(What to do) Print exactly the lines that run from the one containing "this 1613×1210 image." to the final line of the data, both included, and print none of the pictures.

(Provided material)
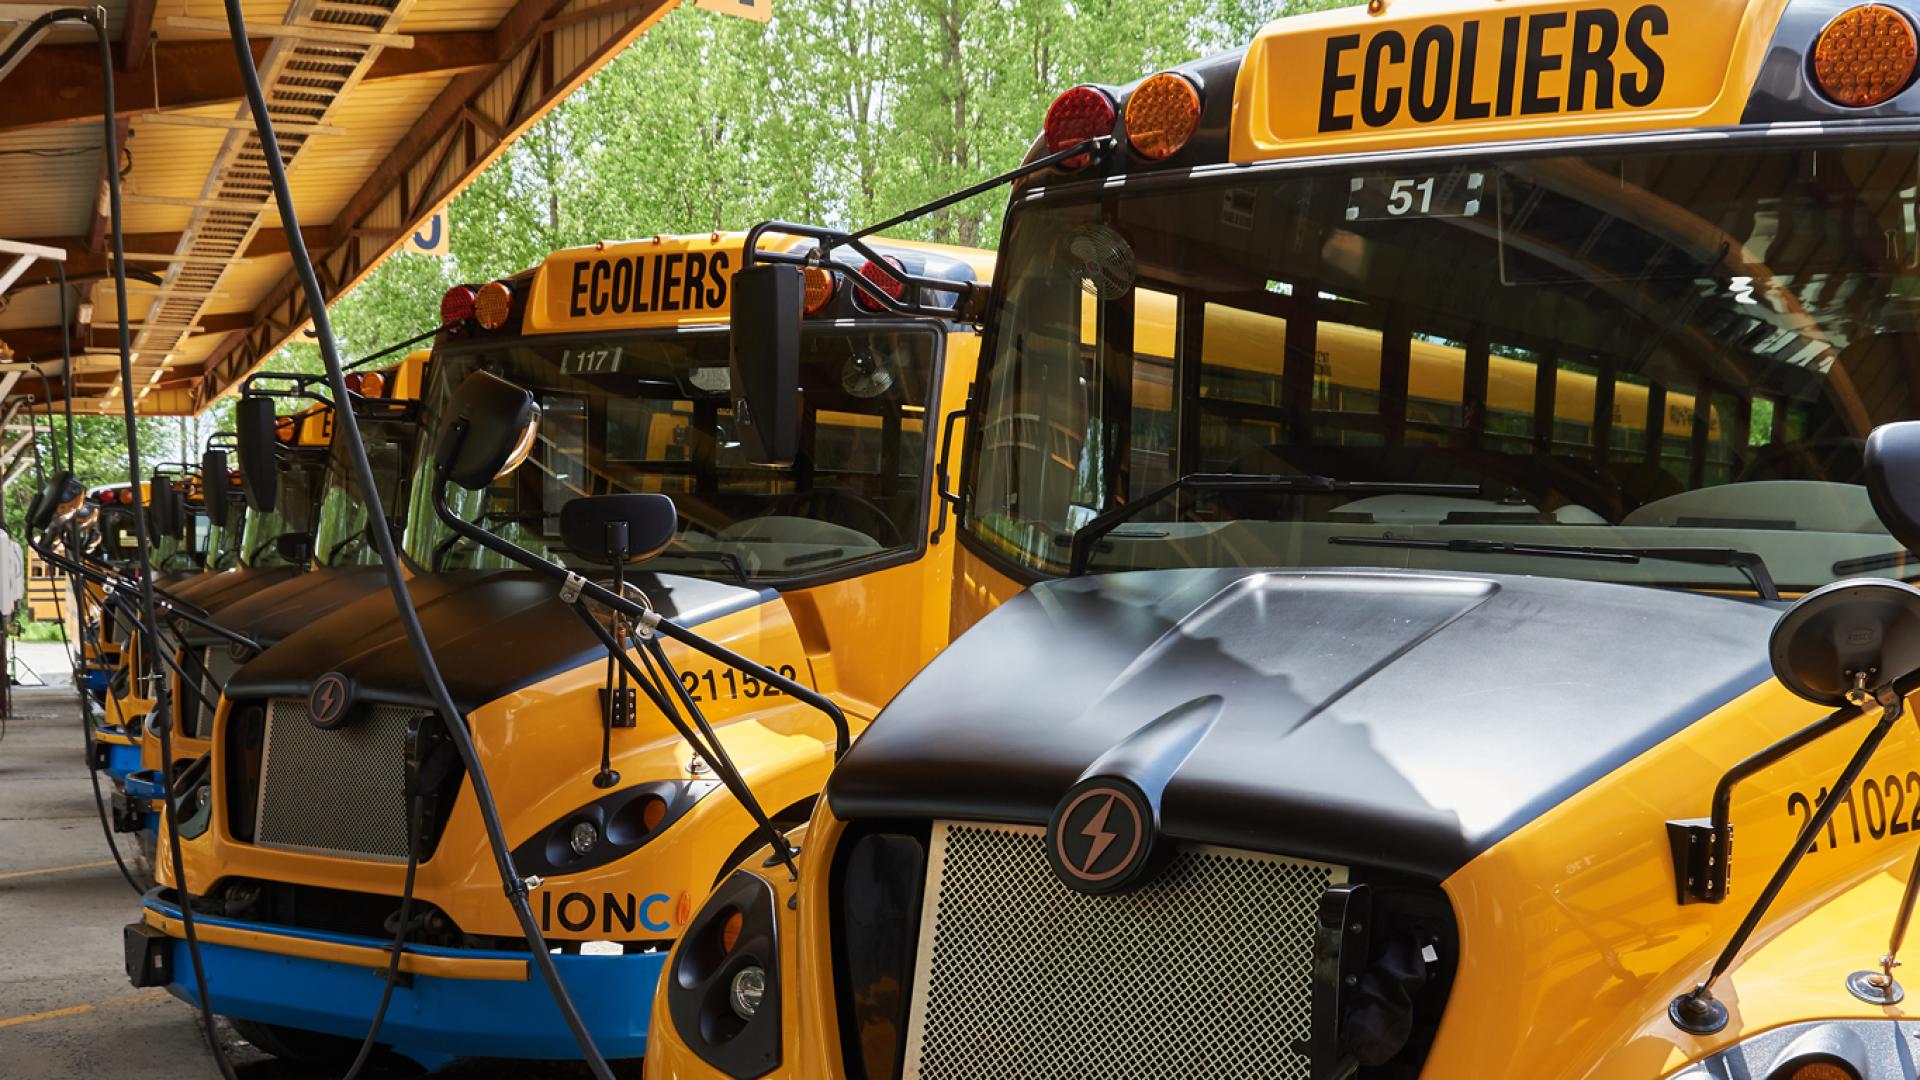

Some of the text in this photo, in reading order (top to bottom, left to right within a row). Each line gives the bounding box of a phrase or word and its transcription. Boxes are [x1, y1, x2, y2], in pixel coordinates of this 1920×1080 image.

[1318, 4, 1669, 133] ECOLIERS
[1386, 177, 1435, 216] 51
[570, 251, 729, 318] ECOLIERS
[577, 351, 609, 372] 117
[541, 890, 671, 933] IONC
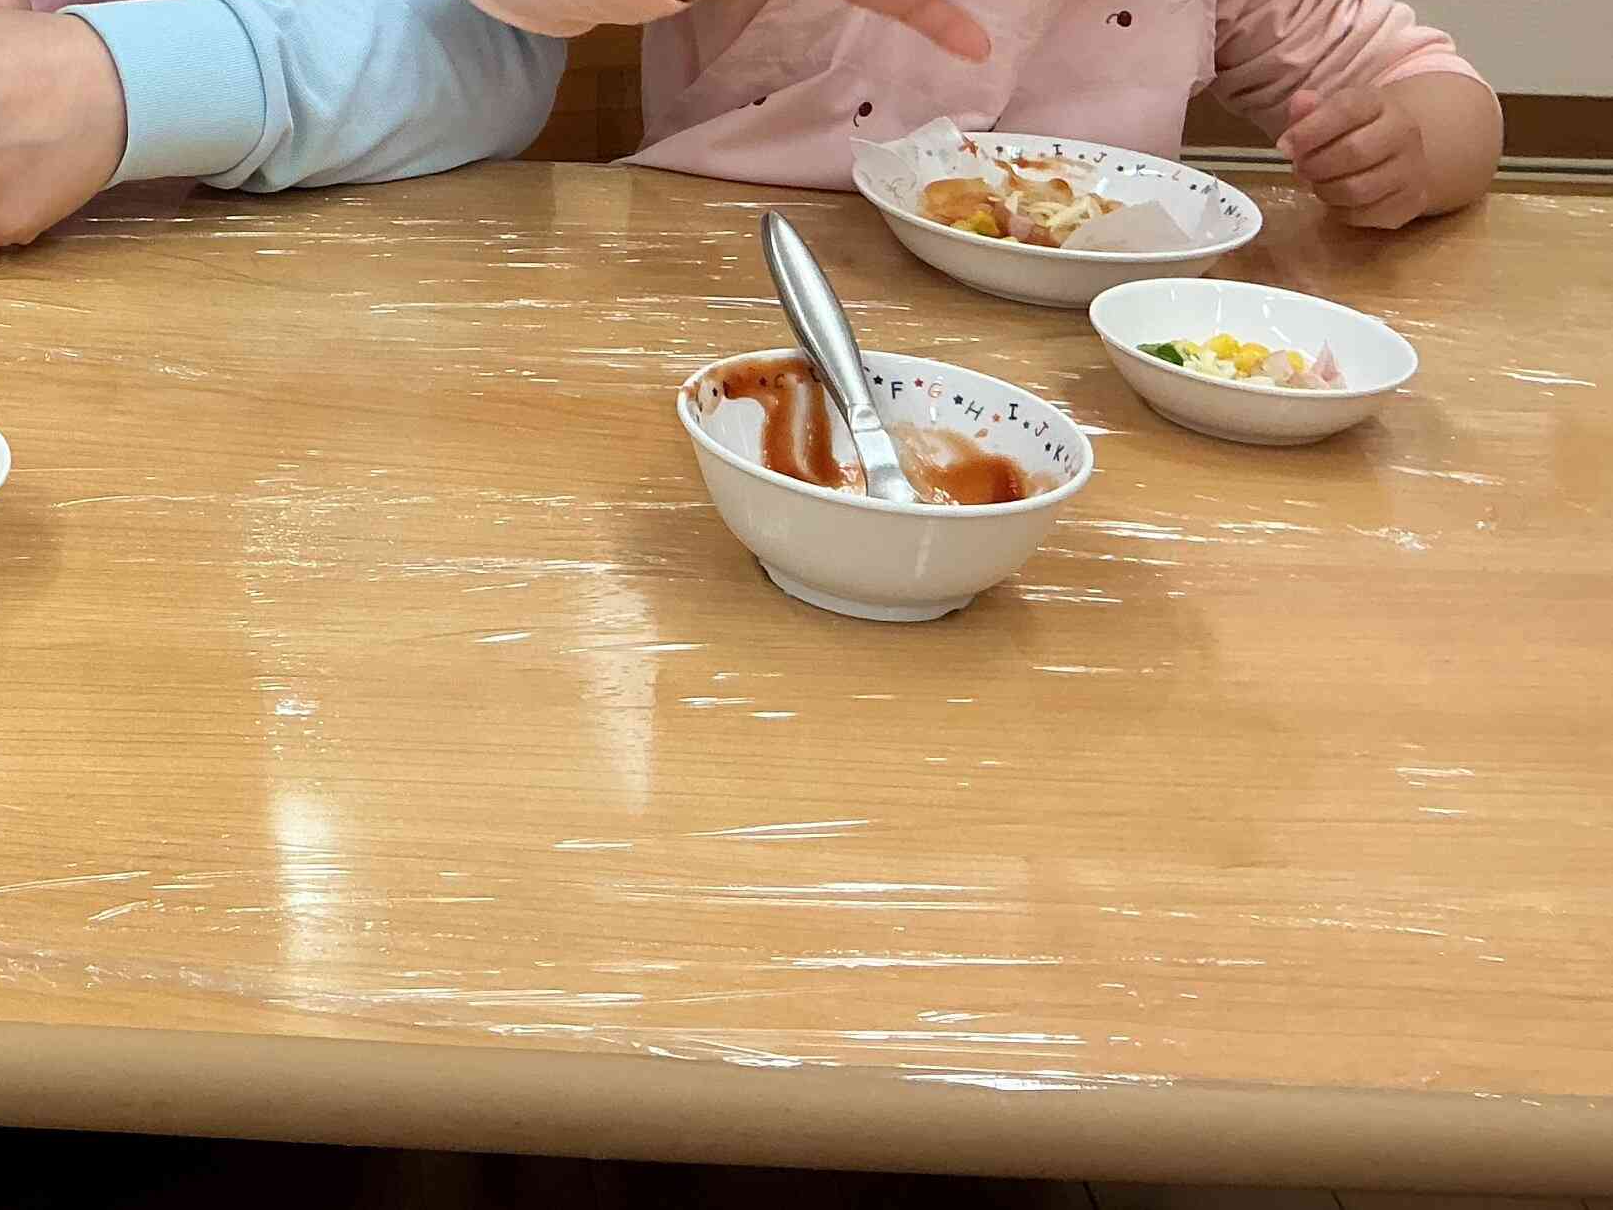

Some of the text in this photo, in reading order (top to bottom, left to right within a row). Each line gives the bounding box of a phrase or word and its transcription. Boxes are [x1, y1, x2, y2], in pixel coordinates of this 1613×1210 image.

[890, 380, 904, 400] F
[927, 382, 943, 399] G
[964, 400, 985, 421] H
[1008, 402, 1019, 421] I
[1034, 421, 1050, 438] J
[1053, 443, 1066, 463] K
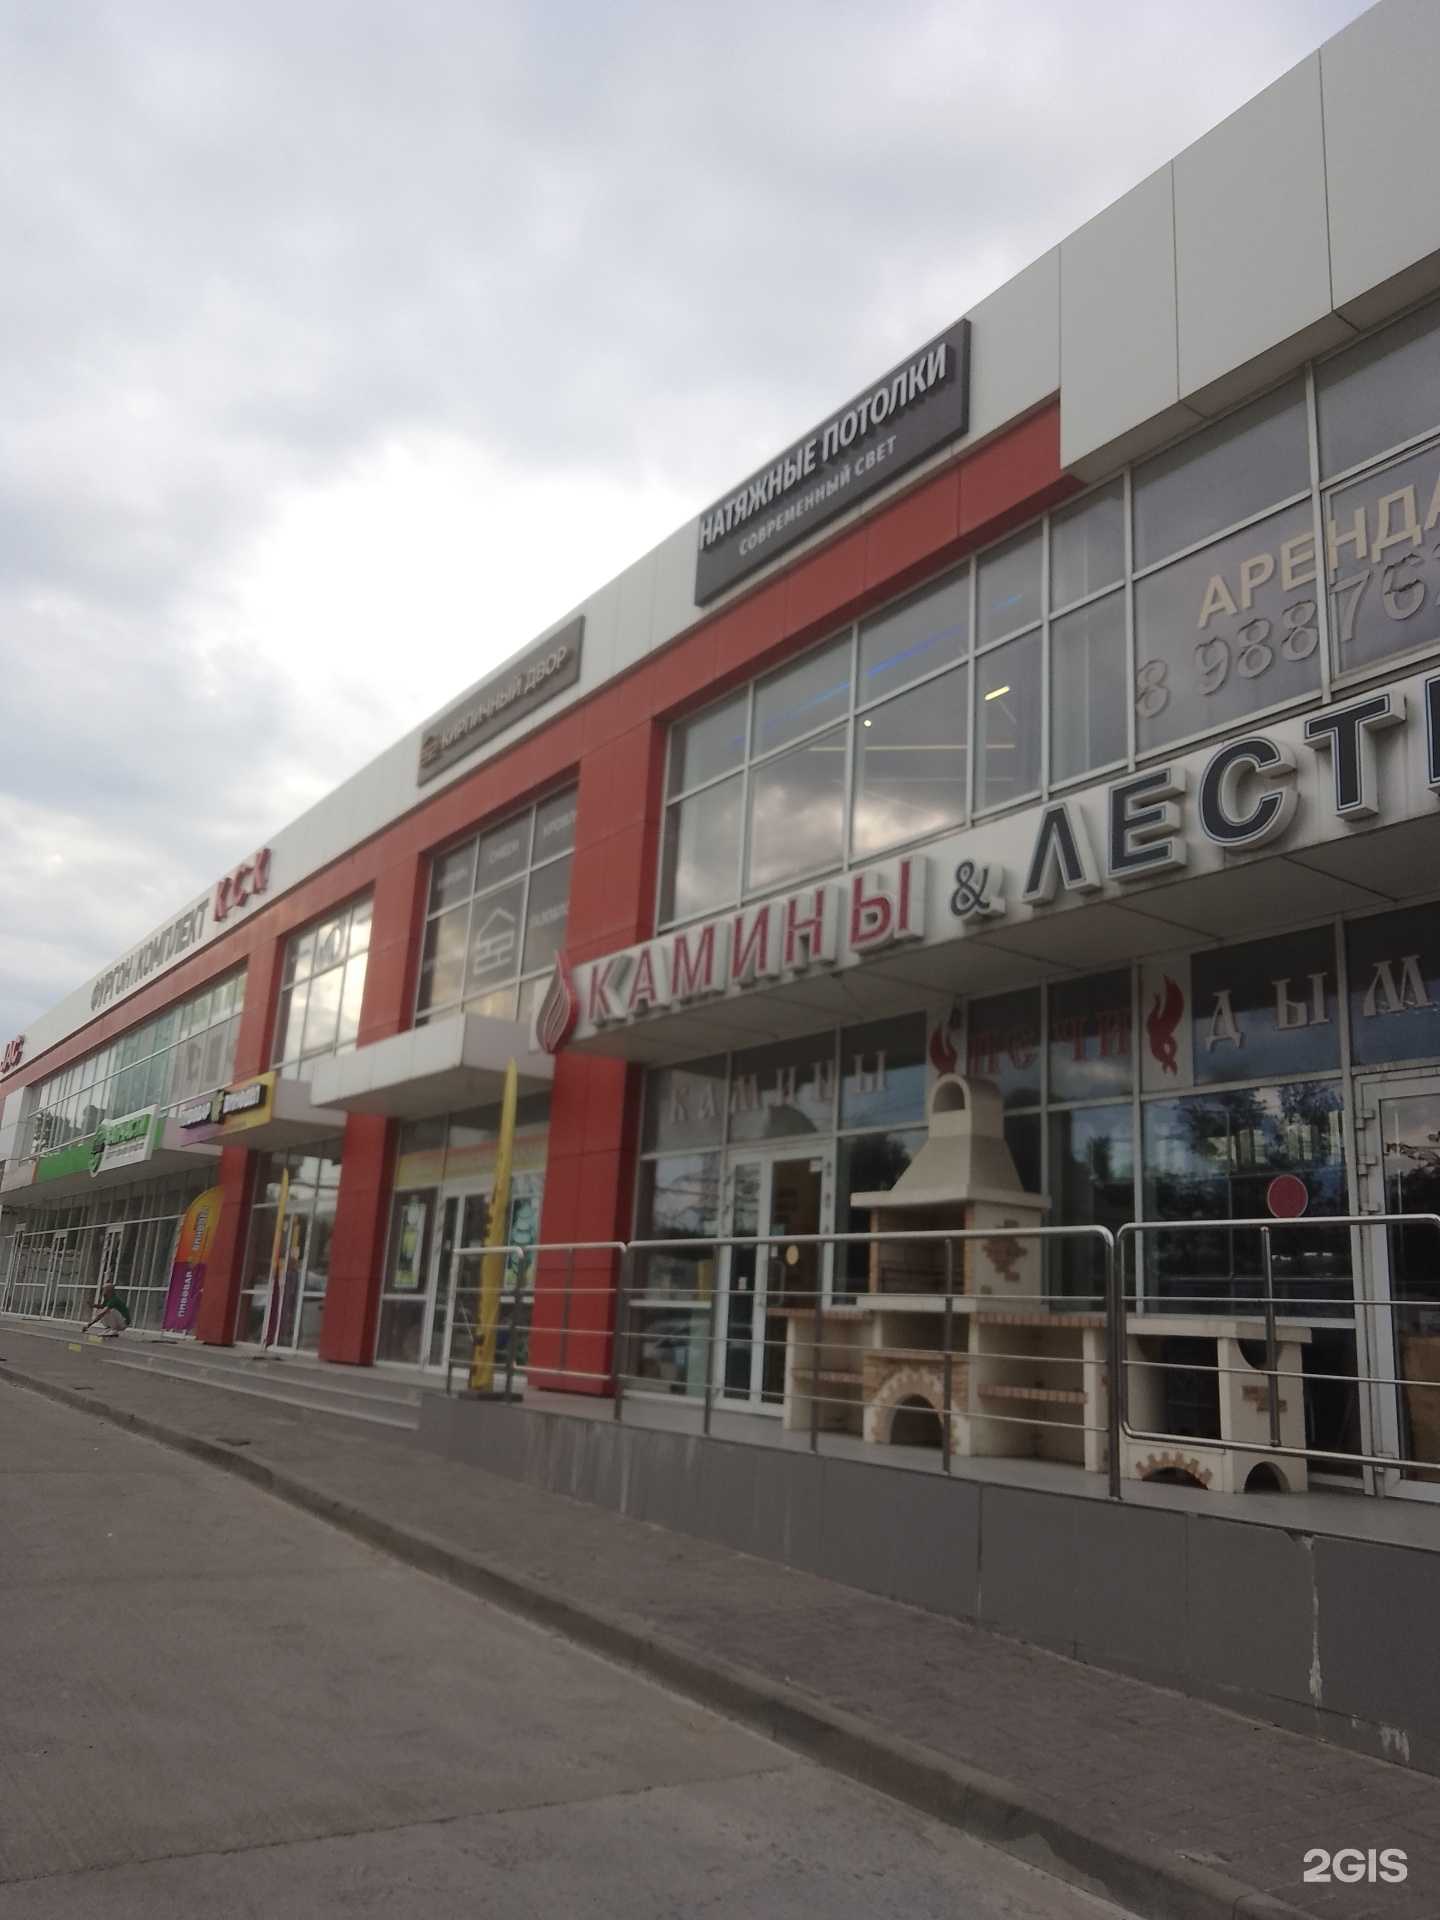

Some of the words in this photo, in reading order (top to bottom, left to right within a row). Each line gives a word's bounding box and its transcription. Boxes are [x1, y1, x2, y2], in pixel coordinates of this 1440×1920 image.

(Task result)
Some of the text in this photo, in reading order (top to bottom, left to right within a row). Each line gives the bounding box of a phrase or word and its transcription. Boxes are [x1, y1, x2, y2], in pixel coordinates of this 1613×1210 image.

[890, 380, 904, 400] F
[927, 382, 943, 399] G
[964, 400, 985, 421] H
[1008, 402, 1019, 421] I
[1034, 421, 1050, 438] J
[1053, 443, 1066, 463] K

Some of the words in this photo, in reading order (top to bottom, left to right within a row). Each line gives a word's bounding box and its transcription. Boxes are [x1, y1, x2, y2], in pixel coordinates of this 1440×1920 image.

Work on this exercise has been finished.